Machine vision analysis of blood films imaged under a brightfield microscope could provide scalable malaria diagnosis solutions in resource constrained endemic urban settings. The major bottleneck in successfully analyzing blood films with deep learning vision techniques is a lack of object-level annotations of disease markers such as parasites or abnormal red blood cells. To overcome this challenge, this work proposes a novel deep learning supervised approach that leverages weak labels readily available from routine clinical microscopy to diagnose malaria in thick blood film microscopy. This approach is based on aggregating the convolutional features of multiple objects present in one hundred high resolution image fields. We show that this method not only achieves expert-level malaria diagnostic accuracy without any hard object-level labels but can also identify individual malaria parasites in digitized thick blood films, which is useful in assessing disease severity and response to treatment.
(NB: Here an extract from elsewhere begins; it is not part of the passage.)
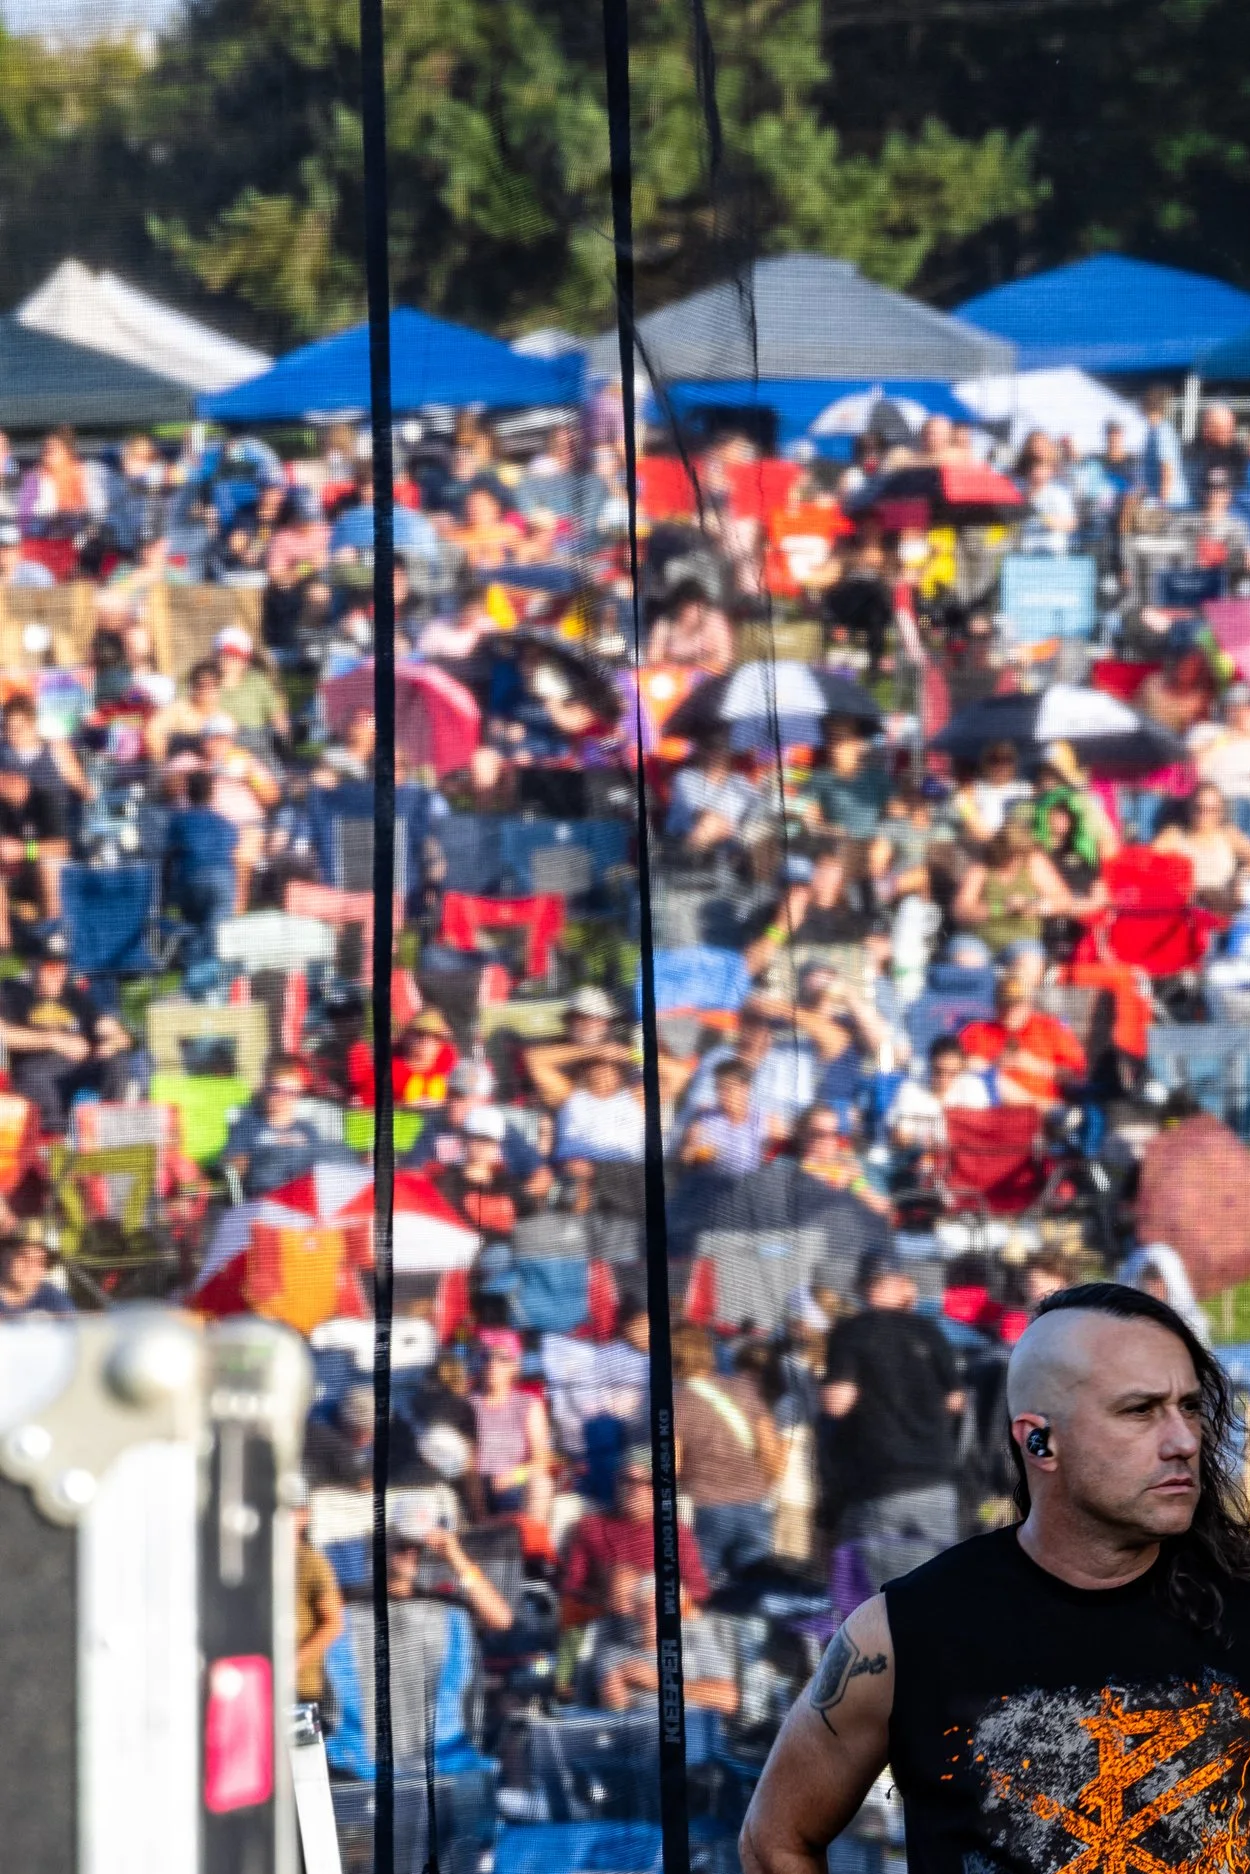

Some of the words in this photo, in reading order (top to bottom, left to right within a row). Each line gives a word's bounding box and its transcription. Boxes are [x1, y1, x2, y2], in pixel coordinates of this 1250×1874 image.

[661, 1487, 673, 1521] LBS
[663, 1578, 677, 1615] WLL
[661, 1638, 681, 1744] KEEPER
We demonstrate another application scenario where our approach is able to detect sickle cells in thin blood films. We discuss the wider applicability of the approach in automated analysis of thick blood films for the diagnosis of other blood disorders.

Type: Proceedings paper
Title: A Weakly Supervised Deep Learning Approach for Detecting Malaria and Sickle Cells in Blood Films
Event: Medical Image Computing and Computer Assisted Intervention – MICCAI 2020
ISBN-13: 9783030597214
Open access status: An open access version is available from UCL Discovery
DOI: 10.1007/978-3-030-59722-1_22
Publisher version: https://doi.org/10.1007/978-3-030-59722-1_22
Language: English
Additional information: This version is the author accepted manuscript. For information on re-use, please refer to the publisher’s terms and conditions.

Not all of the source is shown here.